▶ _Available data_
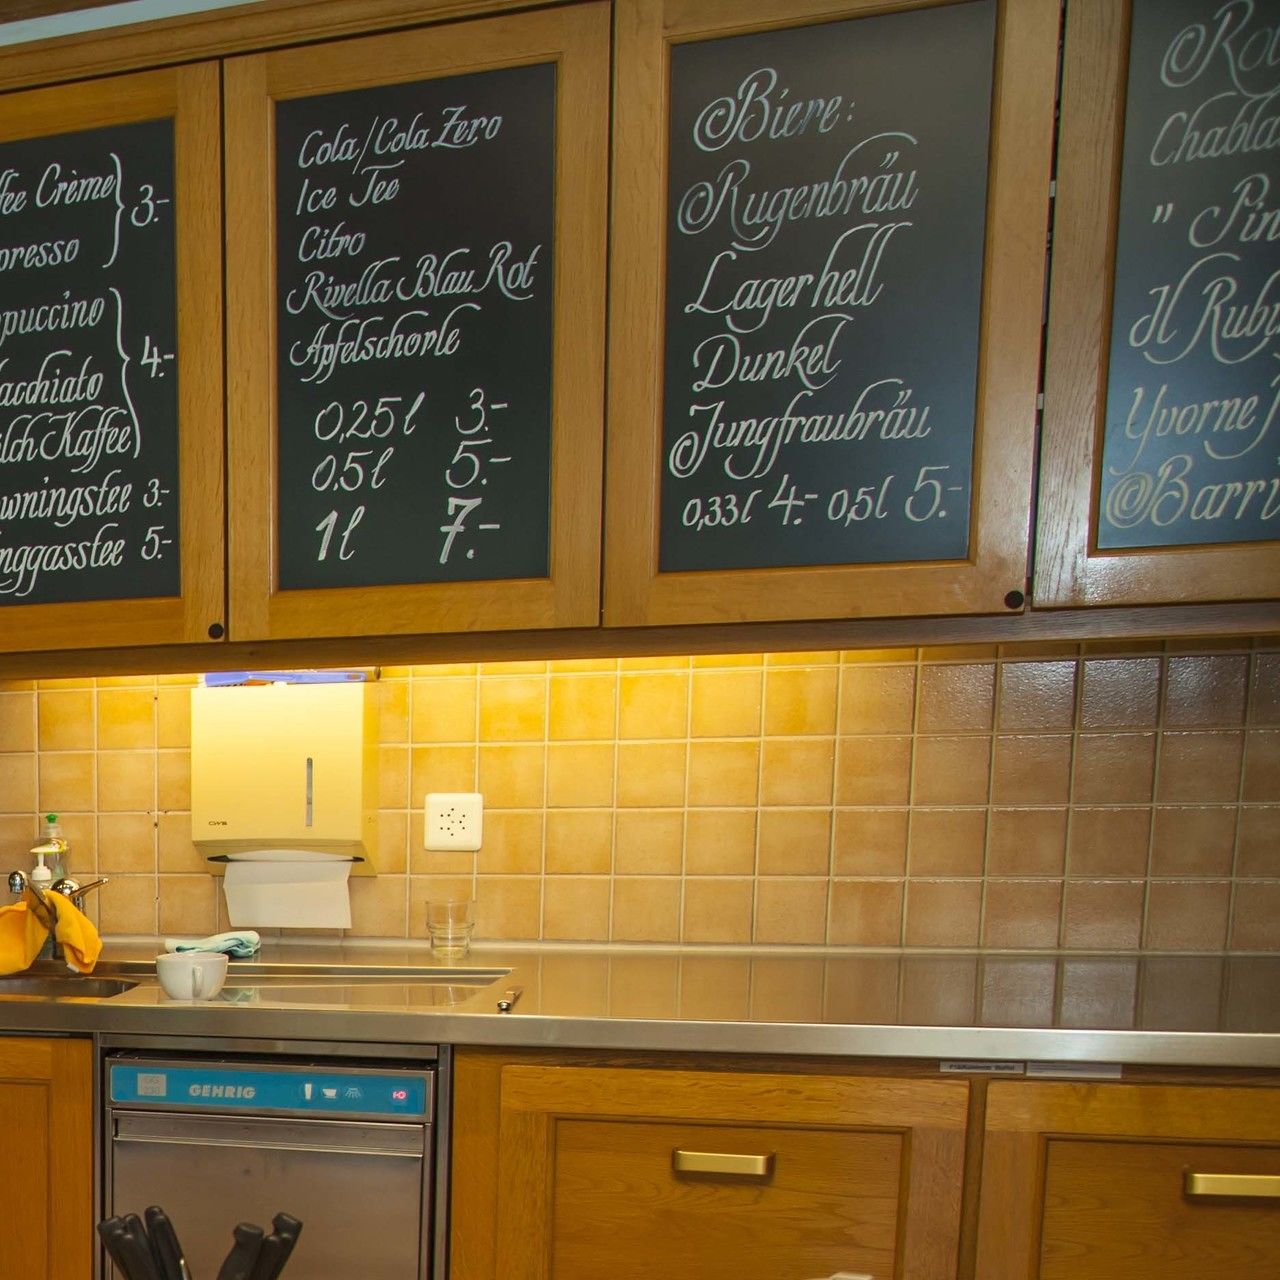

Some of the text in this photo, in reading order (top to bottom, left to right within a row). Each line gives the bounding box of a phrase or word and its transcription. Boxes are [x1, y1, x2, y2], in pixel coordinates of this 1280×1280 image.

[429, 105, 501, 149] Zero
[33, 163, 116, 208] Crème
[296, 160, 404, 216] Ice Tee
[676, 131, 919, 251] Rugenbräu
[285, 240, 539, 320] Rivella Blau Rot
[297, 224, 366, 263] Citro
[684, 250, 814, 334] Lager
[289, 303, 479, 384] Apfelschorle
[691, 313, 853, 392] Dunkel
[37, 405, 137, 474] Kaffee
[669, 378, 932, 479] Jungfraubräu
[1109, 384, 1259, 476] Yvorne
[188, 1084, 257, 1100] GEHRIG
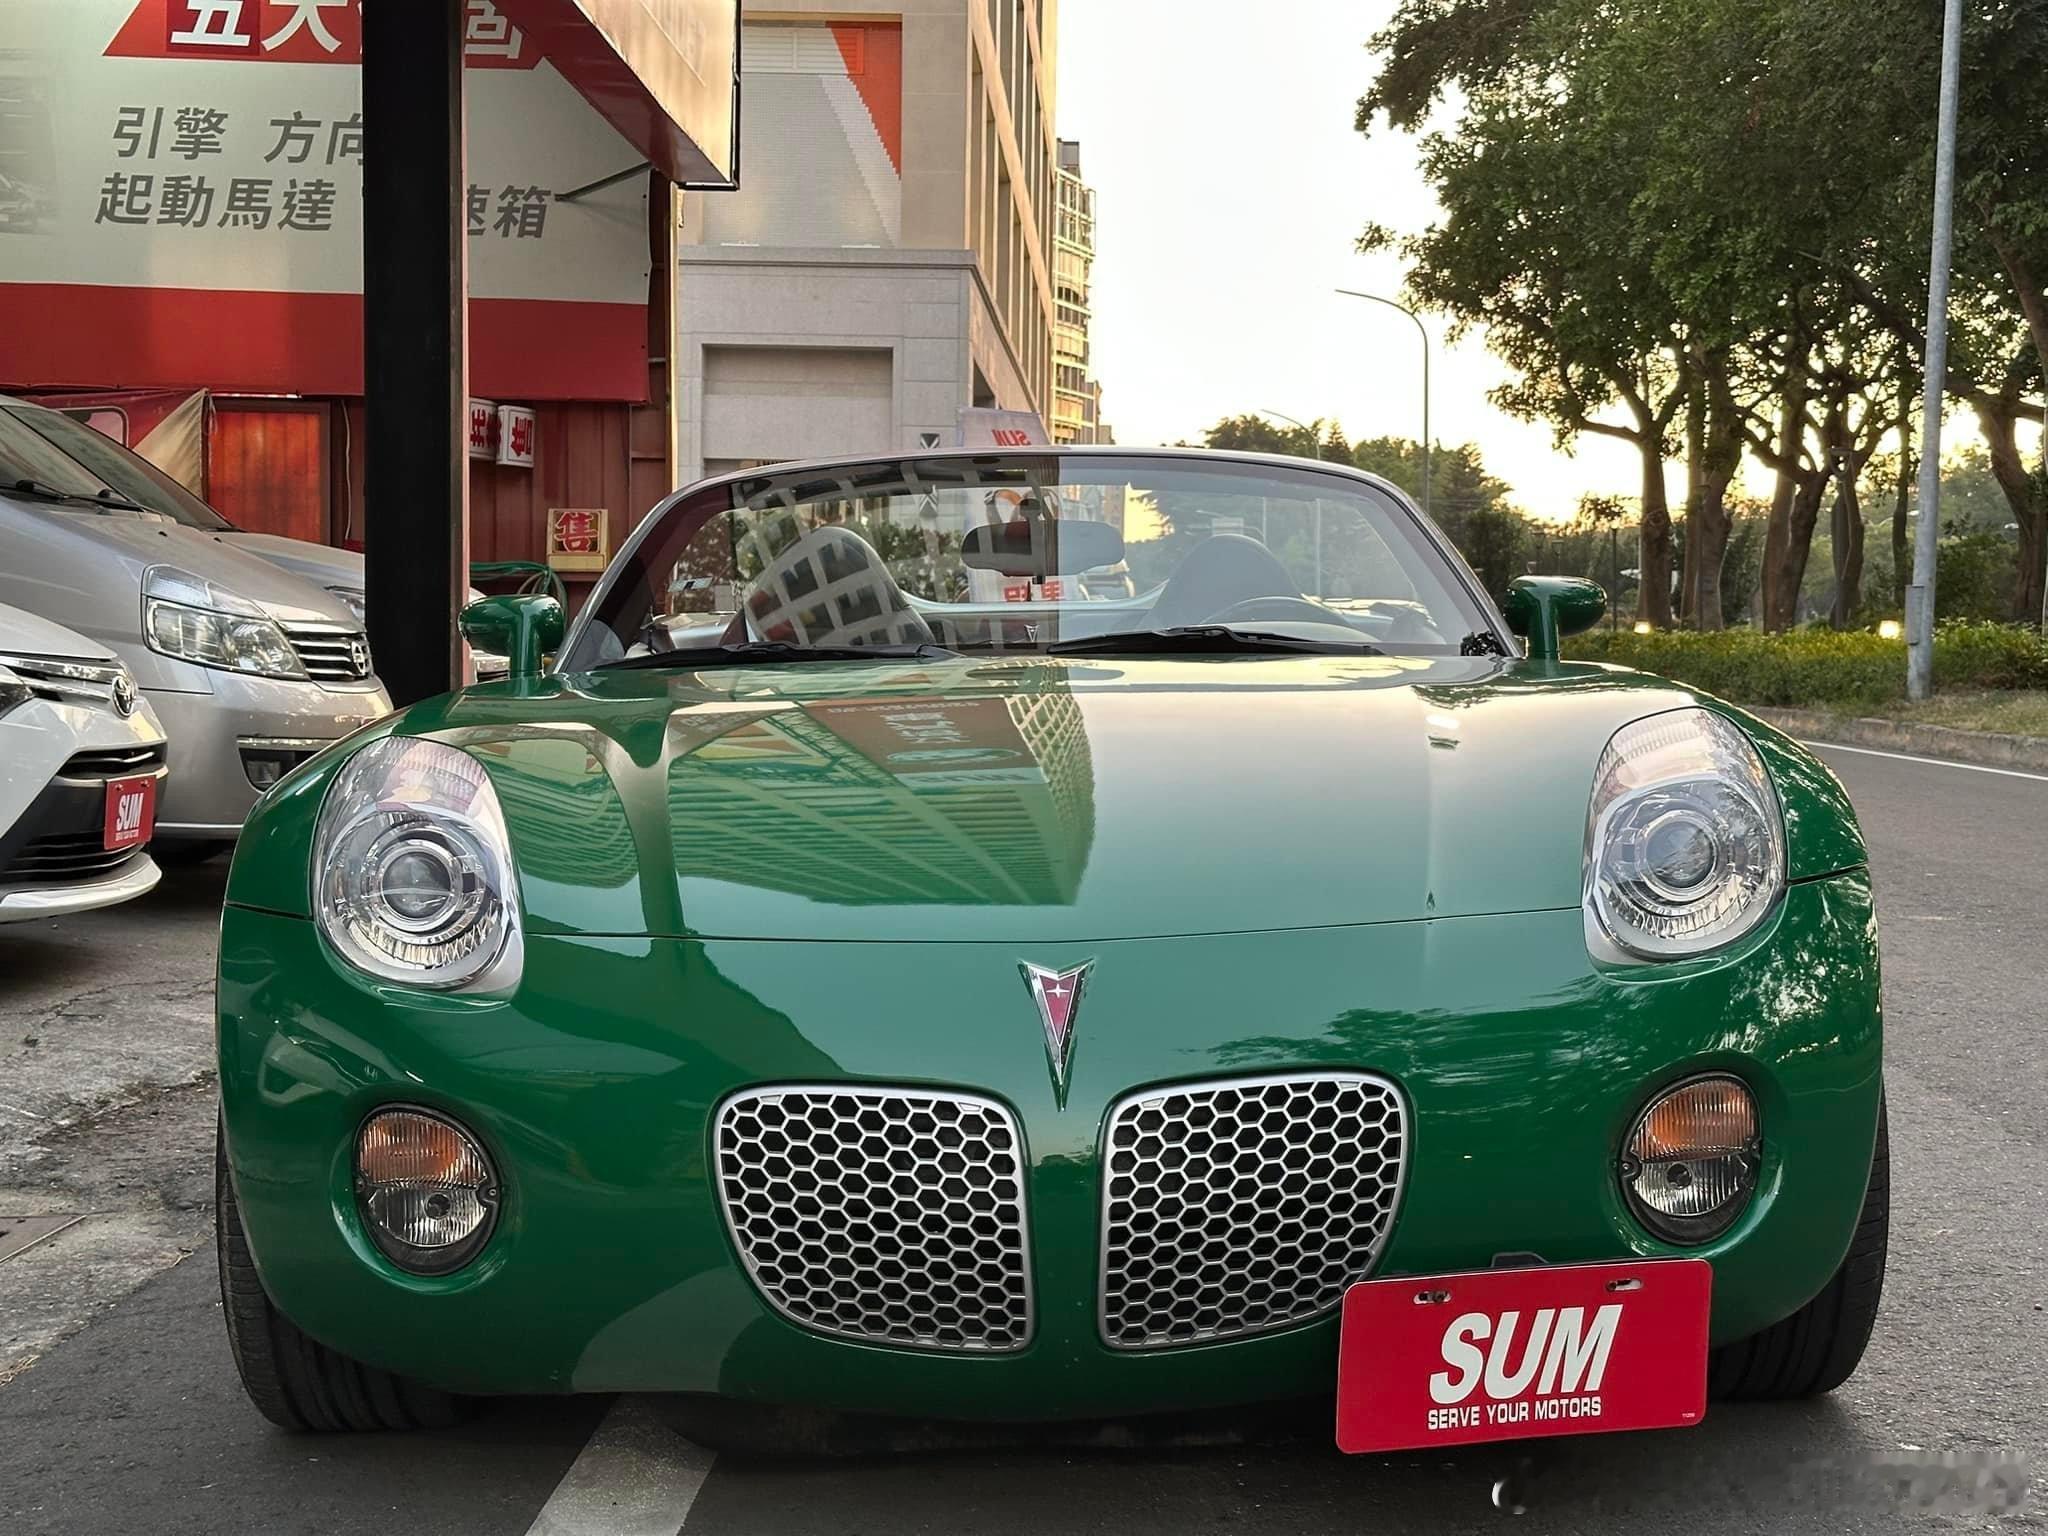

▶ _What you need to do_
Repeat the listing above word for word and leave its images out.

▶ _Your solution_
Some of the text in this photo, in reading order (top to bottom, left to right within a row). Each line gives the bounding box of a phrase or word and its transcription. Boxes are [x1, y1, x2, y2], in pixel coordinates of this 1280×1280 image.

[429, 105, 501, 149] Zero
[33, 163, 116, 208] Crème
[296, 160, 404, 216] Ice Tee
[676, 131, 919, 251] Rugenbräu
[285, 240, 539, 320] Rivella Blau Rot
[297, 224, 366, 263] Citro
[684, 250, 814, 334] Lager
[289, 303, 479, 384] Apfelschorle
[691, 313, 853, 392] Dunkel
[37, 405, 137, 474] Kaffee
[669, 378, 932, 479] Jungfraubräu
[1109, 384, 1259, 476] Yvorne
[188, 1084, 257, 1100] GEHRIG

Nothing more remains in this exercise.